James Fairgrieve (1870-1953) was a British geographer and teacher who in 1914 wrote Geography and World Power (published in 1915), a work that sought to show how geography “controls” history. Fairgieve studied at the London School of Economics from 1903 to 1910, obtained a London University certificate in geography in 1912, and lectured on geography at the London Institute of Education.

Fairgrieve’s importance to geopolitics derives from his concept of what he called the “great land mass of Euro-Asia-Africa,” which four years later Sir Halford Mackinder would call the “World-Island.” Fairgrieve noted that Euro-Asia-Africa was surrounded by a “stream of ocean.” European explorers, Fairgrieve wrote, discovered “the oneness of the ocean” which held the “keys to world commerce.” Fairgrieve reviewed the struggles for power among the Dutch, Portuguese, Spaniards, and the British sea powers. He wrote about the benefits of Britain’s insular position in relation to the Old World. Fairgrieve also noted that the “great plain of the world” included the “steppeland” and Central Asia—what he called the “central land of Euro-Asia”—under the political organization of the Russians, and which was mostly “cut off from the ocean.” Russia, he wrote, was the “great land power” that occupied the “heart land of the old world.” He described Central and Eastern Europe as a “crush zone” situated between the great powers of Russia and Germany. Fairgrieve described China’s history as being influenced by great rivers, a long coastline, and a great plateau. He predicted that the interplay of land and sea forces “will have a growing tendency to unify China.” Fairgrieve’s book, which went through numerous editions, had a slew of maps, and he updated each new edition with developments in global politics.

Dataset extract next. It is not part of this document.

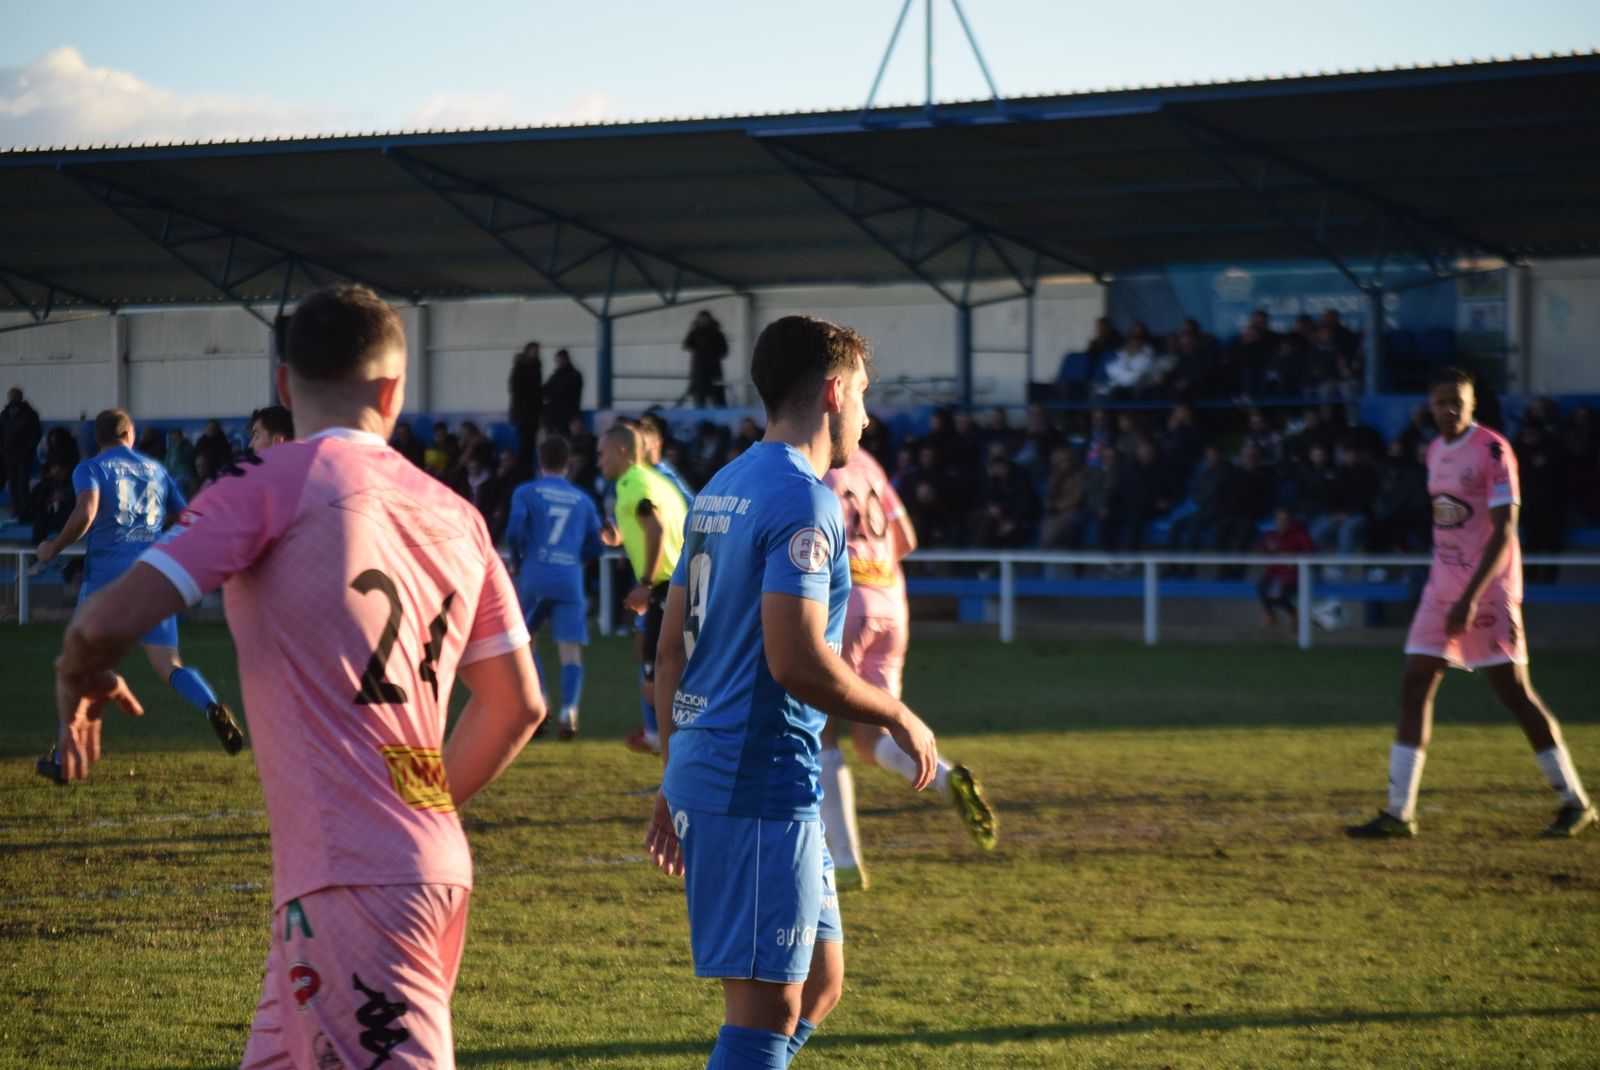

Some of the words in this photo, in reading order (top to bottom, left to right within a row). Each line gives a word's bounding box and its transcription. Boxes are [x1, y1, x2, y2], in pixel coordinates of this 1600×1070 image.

[115, 479, 161, 527] 14
[548, 506, 571, 545] 7
[683, 553, 712, 661] 9

After the cataclysm of the First World War, Fairgrieve wrote, “within the last generation or two, thanks largely to increased ease of communication, the world has become a single system with no part really independent of any other part.” He predicted that the United States would become “the seat of an ocean power, and play a part on a vaster scale which Britain played in earlier times,” while China was “in a position to dominate the heartland” and possibly take to the sea—a remarkable vision of the geopolitics of the 21st century.

BIBLIOGRAPHY:

Geography and World Power (University of London Press, LTD, 1915, 1917, 1919, 1921, 1924, 1927, 1932, 1941, 1944, 1948).